17. Miscellaneous Expenditure :
a) Preliminary Expenses are being written off over a period of 10
years.
b) Public Issue Expenses are amortised and being written off over a
period of 10 years.
c) Market Development expenses are amortised and being written off over
a period of 10 years.
d) Share Capital Increase expenses are amortized and being written off
over a period of 5 years.
18. Employee Benefit :
a) Provident Fund : All the employees of the Company are entitled to
receive benefits of the provident fund, a defined contribution plan
managed by or recognized fund management Company in which both
employees and the Company contributed at a stipulated monthly rate. The
Company has no liability for future provident fund benefits other than
its annual contribution as an expenses in the year it is incurred.

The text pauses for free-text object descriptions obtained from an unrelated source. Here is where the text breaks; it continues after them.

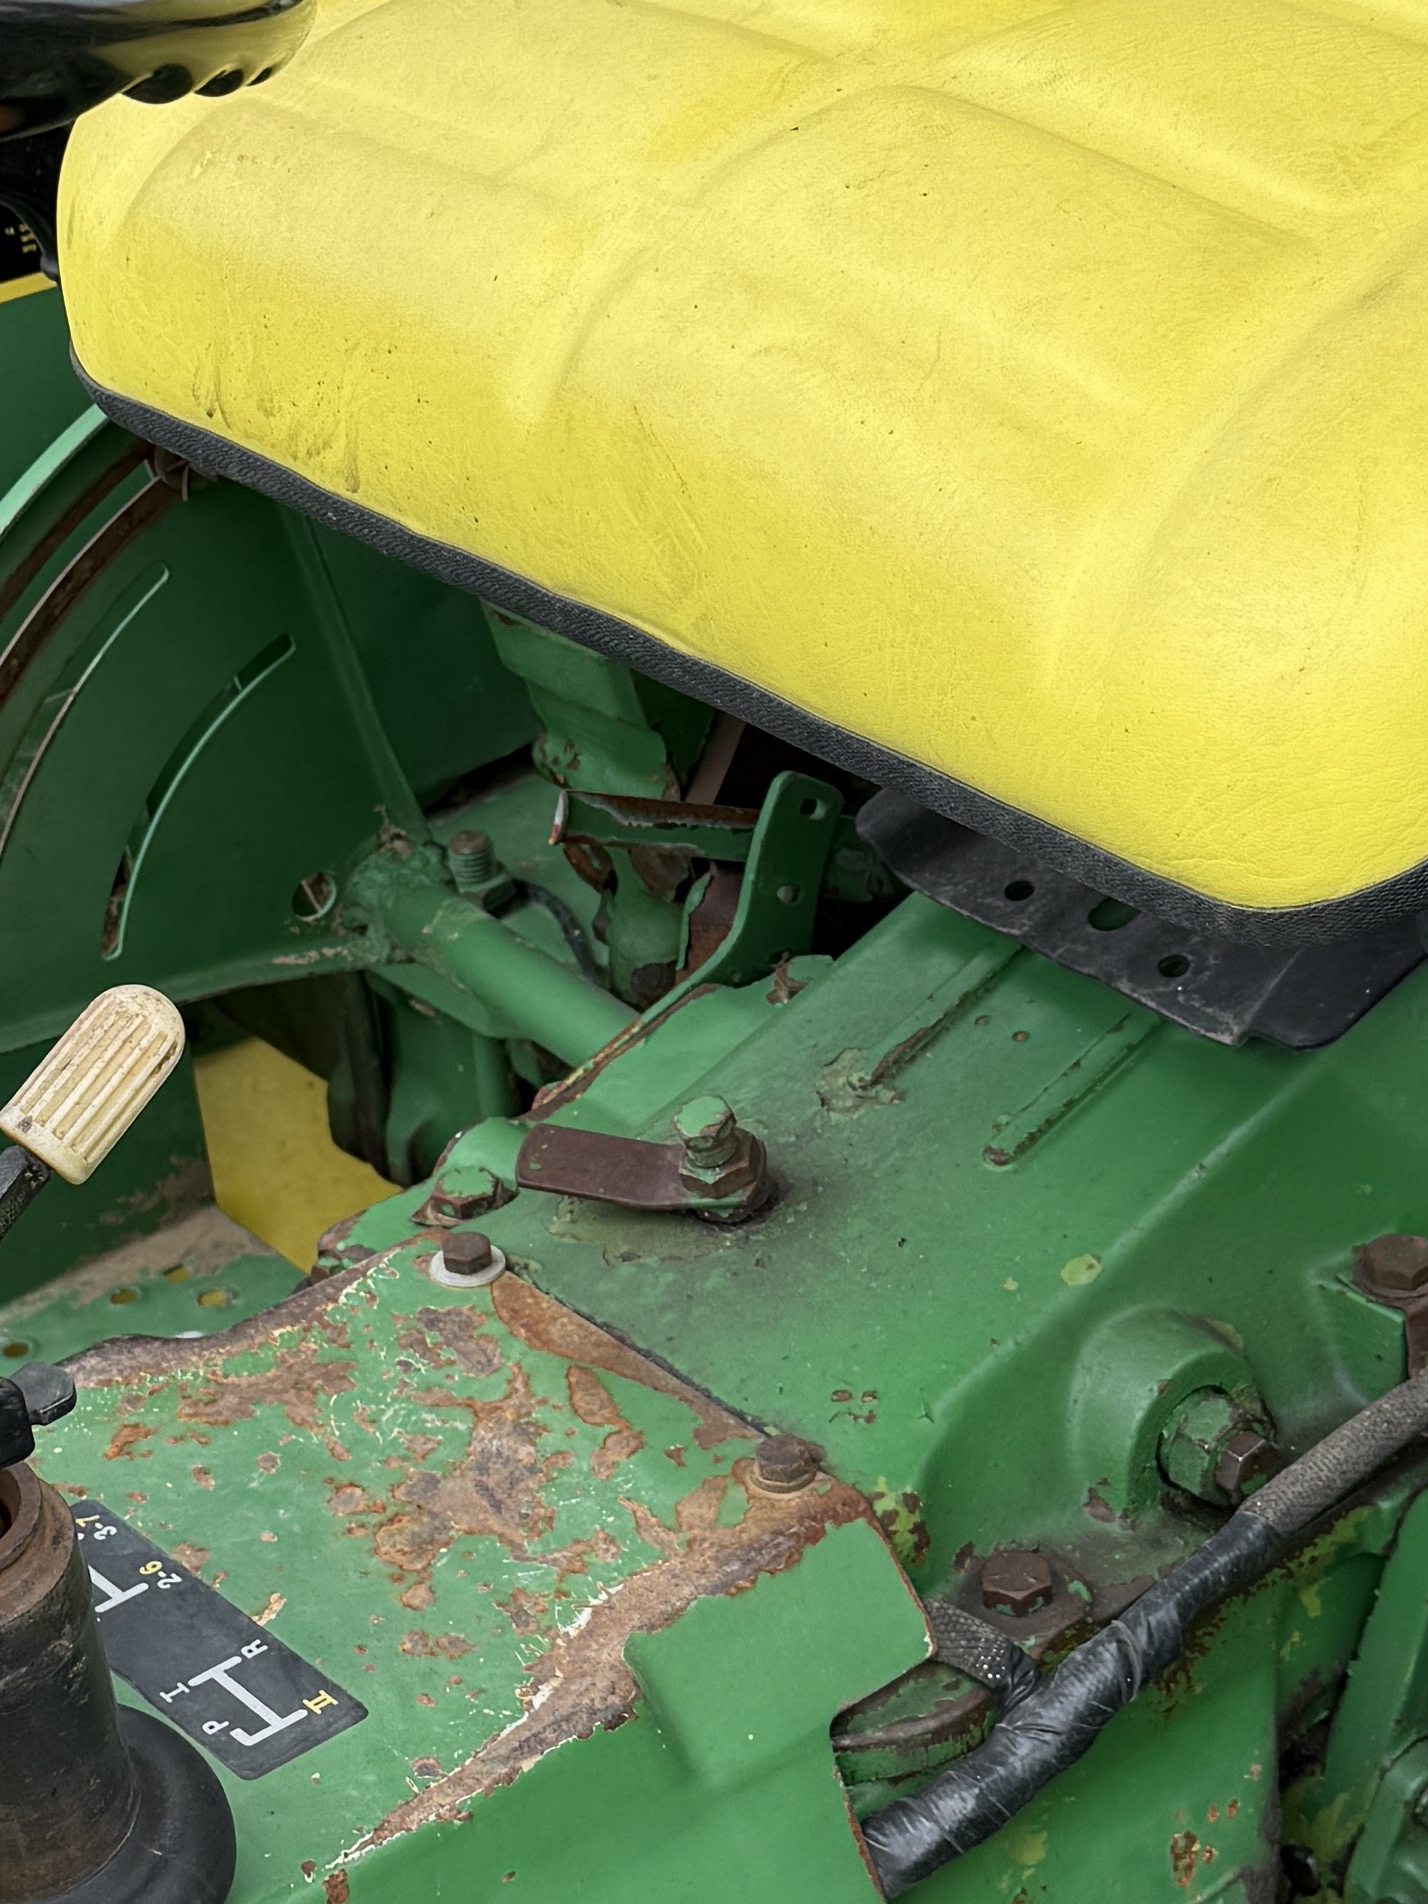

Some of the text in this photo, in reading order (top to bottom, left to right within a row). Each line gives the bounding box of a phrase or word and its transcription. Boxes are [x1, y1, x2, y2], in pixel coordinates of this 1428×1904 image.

[138, 1559, 184, 1590] 2-6
[240, 1638, 269, 1660] R
[201, 1719, 230, 1736] P
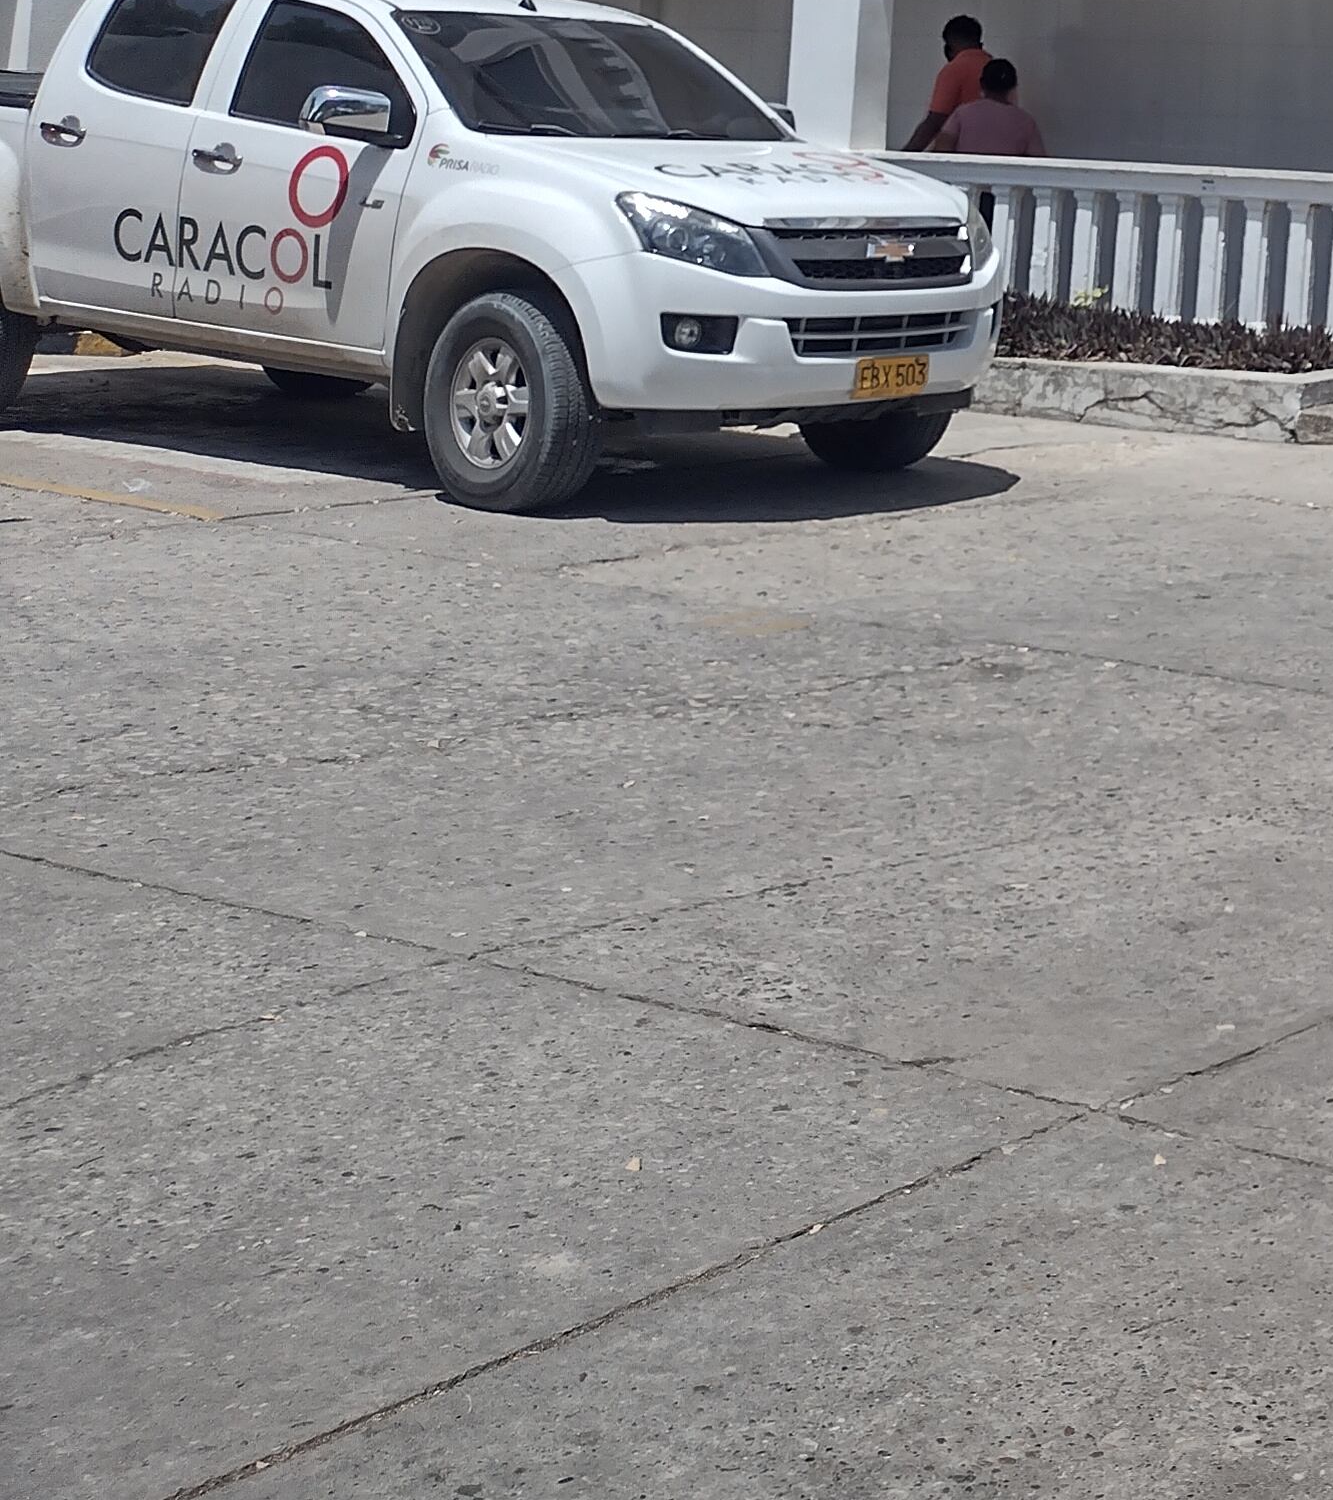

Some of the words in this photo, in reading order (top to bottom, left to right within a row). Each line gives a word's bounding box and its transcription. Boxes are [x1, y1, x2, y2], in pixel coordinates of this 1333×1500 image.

[438, 156, 469, 172] PRISA
[113, 207, 333, 290] CARACOL
[151, 272, 284, 316] RADIO
[860, 364, 893, 391] EBX
[895, 361, 927, 388] 503

b) Gratuity : The Company provides for the gratuity, a defined benefit
retirement plan covering all employees. The plan managed by or
recognized fund management Company provides for lump sum payments to
employees at retirement, death while in employment or termination of
employment. The Company account for liability of future gratuity
benefits based on an actuarial valuation on projected unit credit
method carried out annually for assessing liability at the balance
sheet date as per revised AS-15.
c) Leave Encashment : Short term compensated absences are provided
based on estimates. Long term compensated absences are provided for
based on actuarial valuation. The actuarial valuation is done as per
revised AS-15. Actuarial gain / losses are immediately taken to profit
and loss account.
19. Research and Development :
Expenses related to the sample developments, improvement in the quality
of the current products and innovation of new products and cost of
processes related thereto are included in Research and Development
including human resources and cost of in-house developed fabrics
reduced by the amount received of samples, if any.
20. General :
Accounting policies, which are not specifically referred to, are
consistent with generally accepted accounting practices.